Cloud ASR MCP
December 14, 2025 · View on GitHub
A Model Context Protocol (MCP) server for audio transcription using multimodal LLMs—not traditional ASR.
How It Works
Unlike conventional speech-to-text (Whisper, etc.), this MCP uses audio-capable multimodal models (Gemini, GPT-4o Audio, Voxtral) that process audio in a single pass. The key advantage: you can provide text prompt guidance to clean up transcripts on the fly—removing filler words, formatting speaker turns, or applying custom instructions—all in one API call.
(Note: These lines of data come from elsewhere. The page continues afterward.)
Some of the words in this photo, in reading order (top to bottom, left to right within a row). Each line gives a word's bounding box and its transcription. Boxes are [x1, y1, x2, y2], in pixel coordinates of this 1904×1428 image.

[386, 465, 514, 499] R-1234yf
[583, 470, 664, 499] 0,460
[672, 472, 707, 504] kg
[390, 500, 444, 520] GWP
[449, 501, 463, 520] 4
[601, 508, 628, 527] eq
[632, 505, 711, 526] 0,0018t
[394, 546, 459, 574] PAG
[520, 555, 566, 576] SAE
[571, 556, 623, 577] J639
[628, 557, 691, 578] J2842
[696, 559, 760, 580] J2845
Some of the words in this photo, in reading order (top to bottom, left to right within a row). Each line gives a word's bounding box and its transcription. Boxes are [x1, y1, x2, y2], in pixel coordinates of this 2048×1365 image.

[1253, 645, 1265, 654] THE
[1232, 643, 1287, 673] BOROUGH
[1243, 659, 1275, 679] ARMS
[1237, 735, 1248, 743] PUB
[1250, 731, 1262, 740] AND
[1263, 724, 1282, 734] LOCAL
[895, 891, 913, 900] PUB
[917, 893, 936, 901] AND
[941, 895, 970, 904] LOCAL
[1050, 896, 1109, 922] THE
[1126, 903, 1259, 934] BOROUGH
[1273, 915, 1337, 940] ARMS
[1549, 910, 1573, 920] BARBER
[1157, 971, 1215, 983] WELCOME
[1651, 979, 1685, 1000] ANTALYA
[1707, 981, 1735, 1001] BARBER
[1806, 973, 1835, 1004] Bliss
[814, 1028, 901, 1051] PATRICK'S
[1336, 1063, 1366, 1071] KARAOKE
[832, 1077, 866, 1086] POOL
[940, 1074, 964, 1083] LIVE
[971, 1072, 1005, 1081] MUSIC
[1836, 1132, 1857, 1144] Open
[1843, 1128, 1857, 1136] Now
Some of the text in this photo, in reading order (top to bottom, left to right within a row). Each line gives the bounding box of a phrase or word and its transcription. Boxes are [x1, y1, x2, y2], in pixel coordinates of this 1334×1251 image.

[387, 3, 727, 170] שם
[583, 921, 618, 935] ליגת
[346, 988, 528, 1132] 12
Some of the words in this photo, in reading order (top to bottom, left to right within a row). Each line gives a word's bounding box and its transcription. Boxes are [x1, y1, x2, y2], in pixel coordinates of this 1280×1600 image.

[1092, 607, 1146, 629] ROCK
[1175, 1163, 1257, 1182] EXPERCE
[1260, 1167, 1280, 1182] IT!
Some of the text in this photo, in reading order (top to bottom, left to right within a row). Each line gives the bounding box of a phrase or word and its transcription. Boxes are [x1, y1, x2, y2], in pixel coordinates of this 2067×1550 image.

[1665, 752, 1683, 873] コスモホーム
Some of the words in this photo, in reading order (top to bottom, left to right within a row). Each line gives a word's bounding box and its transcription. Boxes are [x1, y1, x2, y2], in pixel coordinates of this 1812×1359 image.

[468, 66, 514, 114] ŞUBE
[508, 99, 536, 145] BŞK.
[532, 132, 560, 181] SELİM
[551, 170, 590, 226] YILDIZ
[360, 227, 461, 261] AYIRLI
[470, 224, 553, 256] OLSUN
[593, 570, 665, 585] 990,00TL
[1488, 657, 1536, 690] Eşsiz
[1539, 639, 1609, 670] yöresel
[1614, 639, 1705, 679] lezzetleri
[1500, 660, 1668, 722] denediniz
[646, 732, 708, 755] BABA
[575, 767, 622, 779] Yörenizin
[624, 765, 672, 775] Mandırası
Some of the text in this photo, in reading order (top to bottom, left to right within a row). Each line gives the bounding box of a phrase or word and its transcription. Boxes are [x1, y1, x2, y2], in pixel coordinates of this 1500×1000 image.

Tested: Successfully transcribed 50-minute audio files using Gemini in one pass—no chunking required.
Features
- Single-pass transcription - Multimodal LLMs process audio directly, no chunking needed
- Prompt-guided cleanup - Remove filler words, format output, or apply custom instructions
- Multiple backends - Gemini 2.5, GPT-4o Audio, Voxtral via OpenRouter or direct APIs
- Long-form support - Validated with 50+ minute audio files
- Remote file support - Works with MetaMCP via SSE transport
- Optional file output - Save transcripts as markdown files
Tools
OpenRouter (Recommended)
| Tool | Model | Description |
|---|---|---|
openrouter_transcribe | Any | Unified tool with model selection parameter |
openrouter_gemini | Gemini 2.5 Flash | Fast and cost-effective |
openrouter_voxtral | Voxtral Mini | Excellent voice transcription |
openrouter_gpt4o | GPT-4o Audio | High quality transcription |
Direct API Access
| Tool | Backend | Description |
|---|---|---|
voxtral_transcribe | Mistral | Direct Voxtral API (mini/small models) |
gemini_transcribe | Cleaned transcript with filler words removed | |
gemini_transcribe_raw | Verbatim transcript | |
openai_transcribe | OpenAI | Whisper gpt-4o-transcribe |
openai_transcribe_economy | OpenAI | Whisper gpt-4o-mini-transcribe |
Installation
From npm
npm install -g cloud-asr-mcp
From source
git clone https://github.com/danielrosehill/Cloud-ASR-MCP.git
cd Cloud-ASR-MCP/mcp
npm install
npm run build
Configuration
Environment Variables
# OpenRouter (recommended - single key for all models)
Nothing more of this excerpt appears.